START SUPPLIED RECORDS
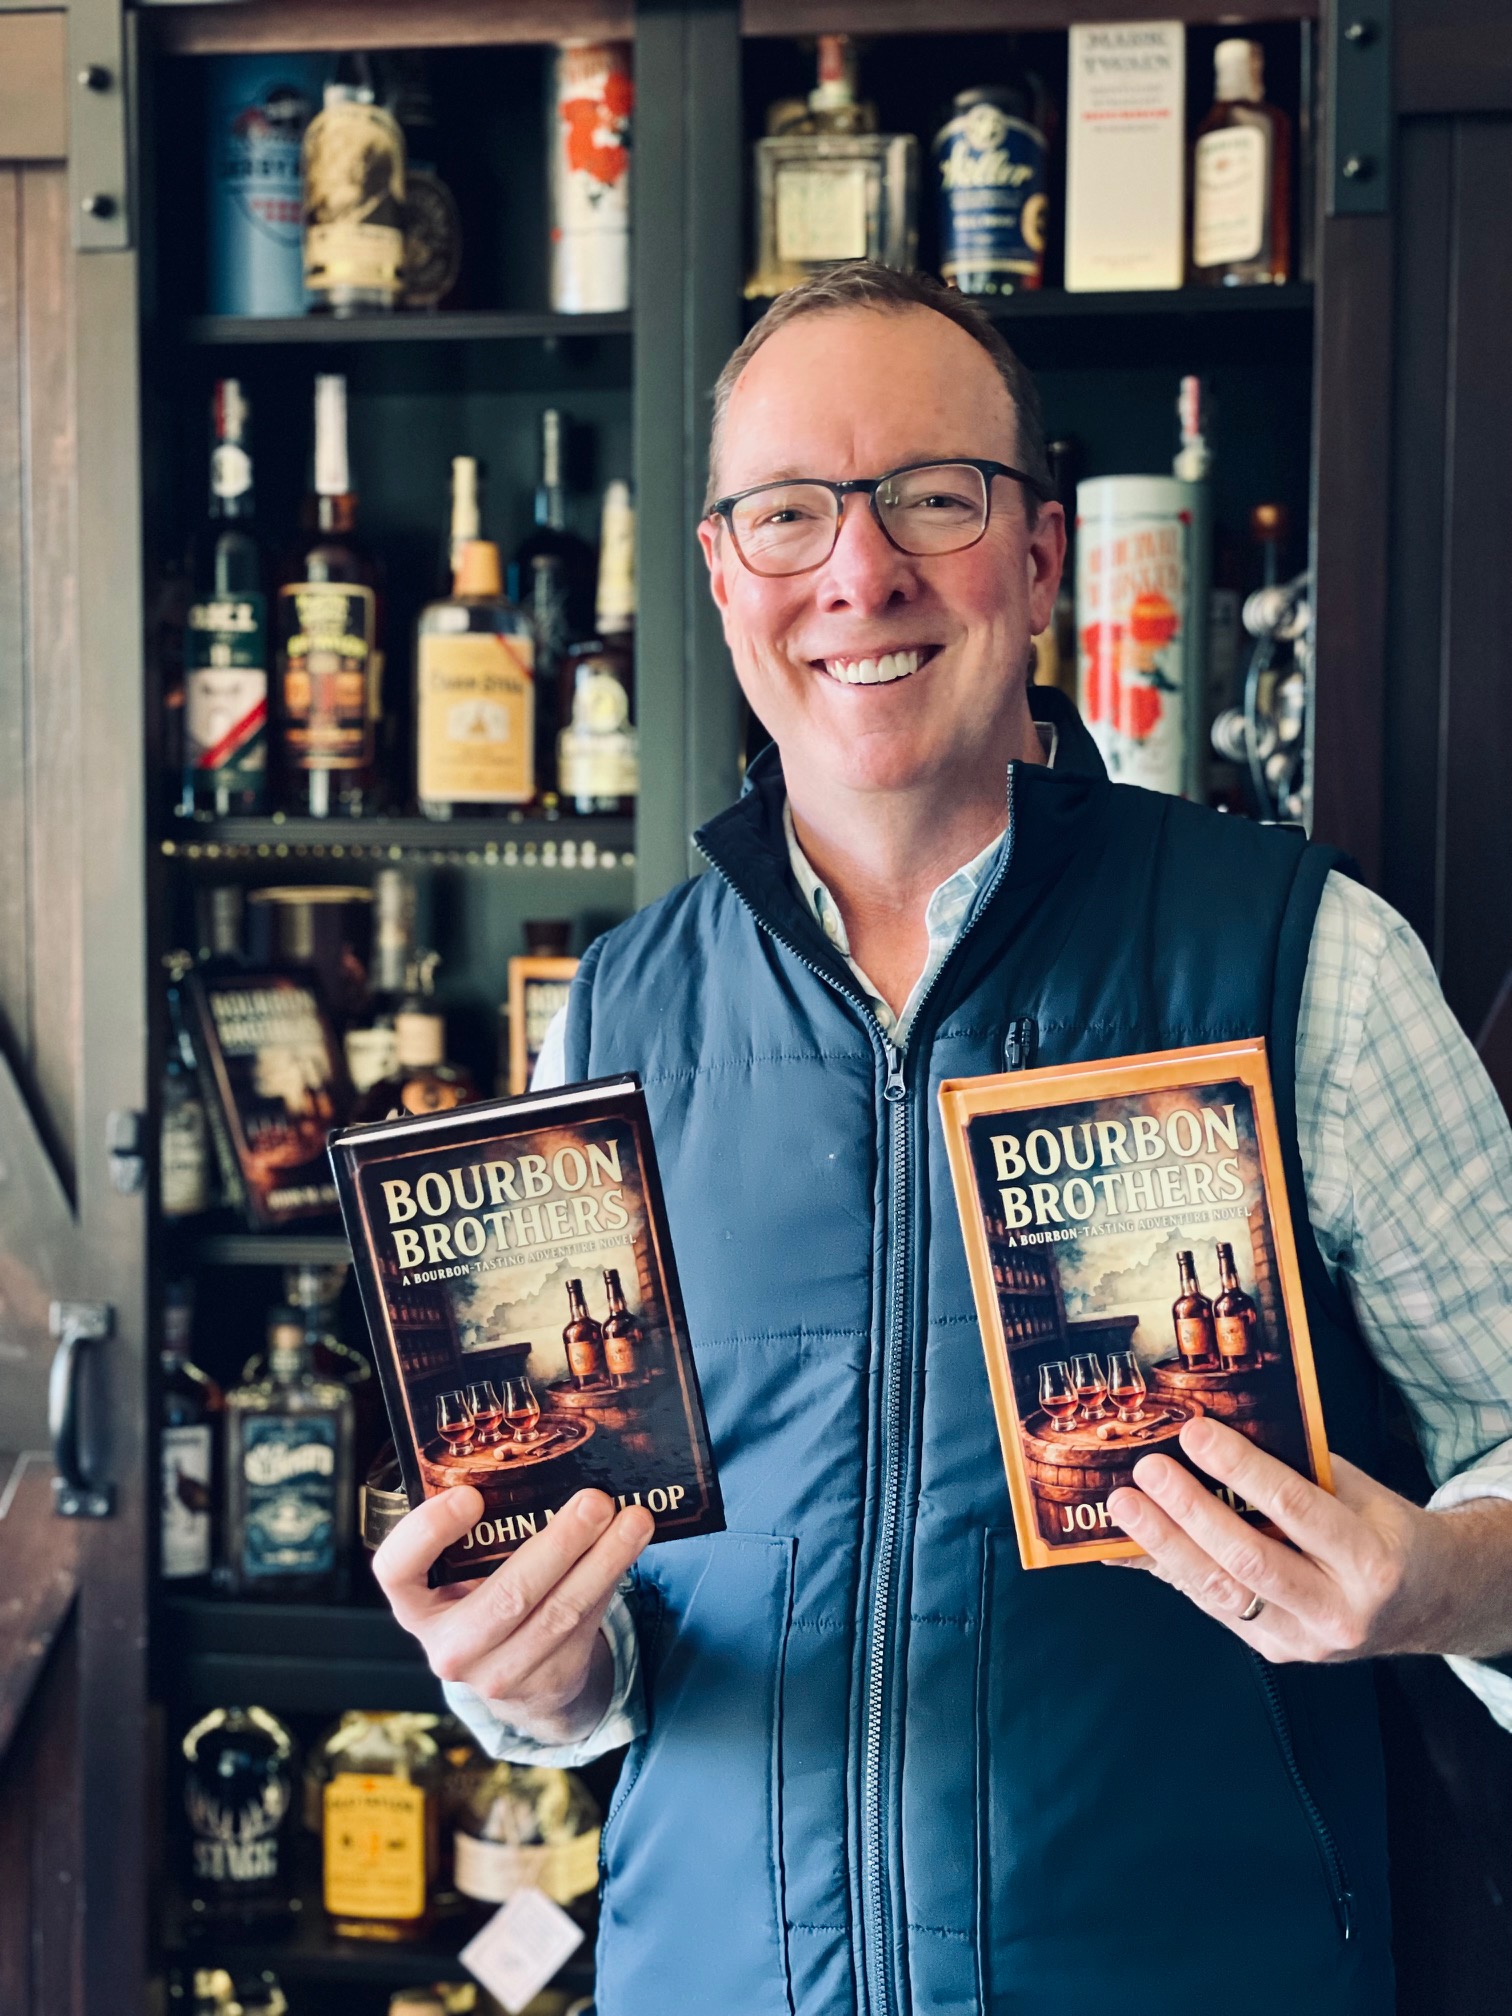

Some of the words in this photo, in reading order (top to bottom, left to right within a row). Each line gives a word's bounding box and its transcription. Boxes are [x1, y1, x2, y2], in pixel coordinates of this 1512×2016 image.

[990, 1104, 1239, 1181] BOURBON
[381, 1139, 623, 1224] BOURBON
[999, 1157, 1245, 1229] BROTHERS
[391, 1189, 629, 1270] BROTHERS
[1008, 1236, 1017, 1248] A
[1020, 1220, 1134, 1246] BOURBON-TASTING
[1138, 1211, 1209, 1231] ADVENTURE
[1211, 1206, 1252, 1222] NOVEL
[402, 1275, 411, 1286] A
[414, 1254, 525, 1284] BOURBON-TASTING
[527, 1241, 596, 1264] ADVENTURE
[598, 1234, 637, 1249] NOVEL
[463, 1512, 538, 1550] JOHN
[1062, 1501, 1121, 1533] JOH
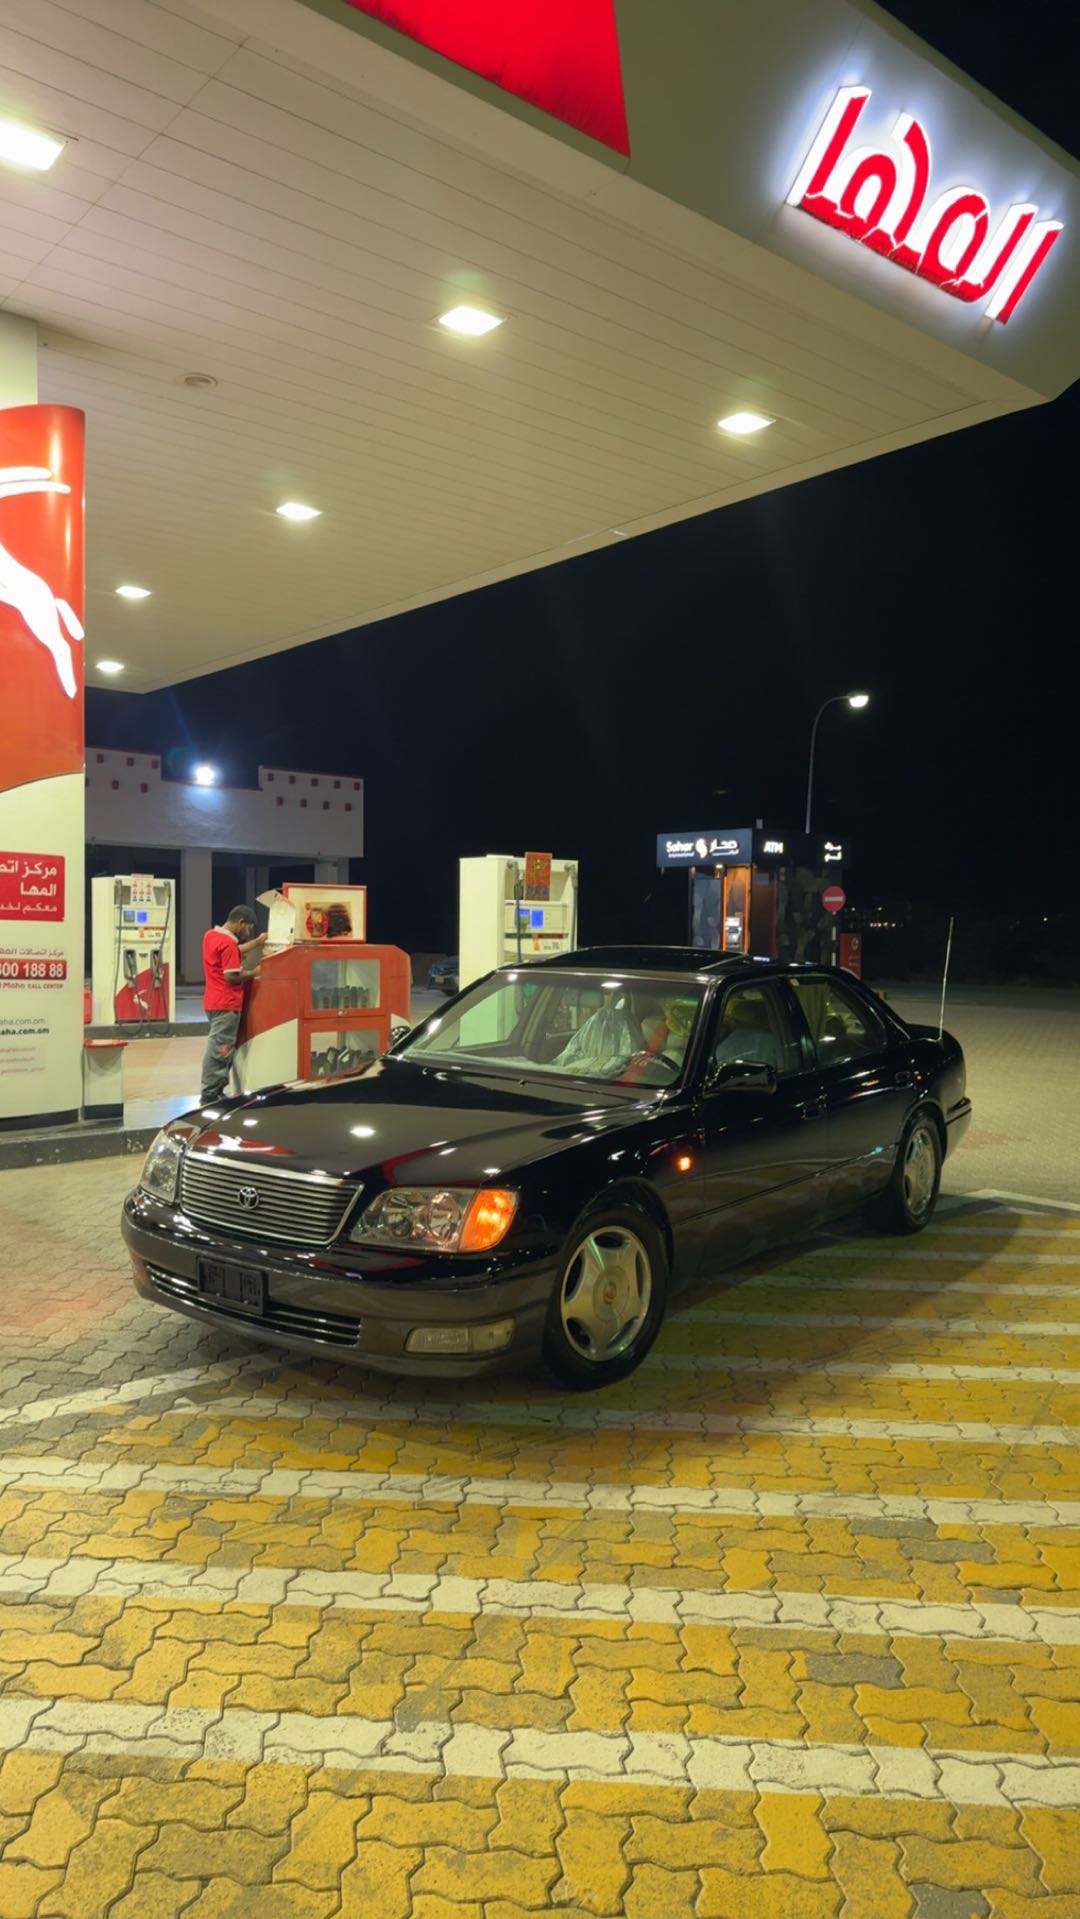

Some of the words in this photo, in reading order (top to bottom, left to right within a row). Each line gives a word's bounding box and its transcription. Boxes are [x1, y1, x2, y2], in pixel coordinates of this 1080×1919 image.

[785, 85, 1064, 325] المها
[763, 841, 784, 854] ATM
[21, 861, 57, 880] مركز
[20, 882, 57, 896] المها
[22, 902, 57, 915] معكم
[22, 962, 46, 978] 188
[49, 963, 64, 978] 88
END SUPPLIED RECORDS
## WHAT THE EXERCISE ASKS
The answer should be the exact lines running from the line containing "this 1080×1919 image." to the last line of the entries, with nothing else.

## ANSWER BELOW
Some of the words in this photo, in reading order (top to bottom, left to right within a row). Each line gives a word's bounding box and its transcription. Boxes are [x1, y1, x2, y2], in pixel coordinates of this 1080×1919 image.

[785, 85, 1064, 325] المها
[763, 841, 784, 854] ATM
[21, 861, 57, 880] مركز
[20, 882, 57, 896] المها
[22, 902, 57, 915] معكم
[22, 962, 46, 978] 188
[49, 963, 64, 978] 88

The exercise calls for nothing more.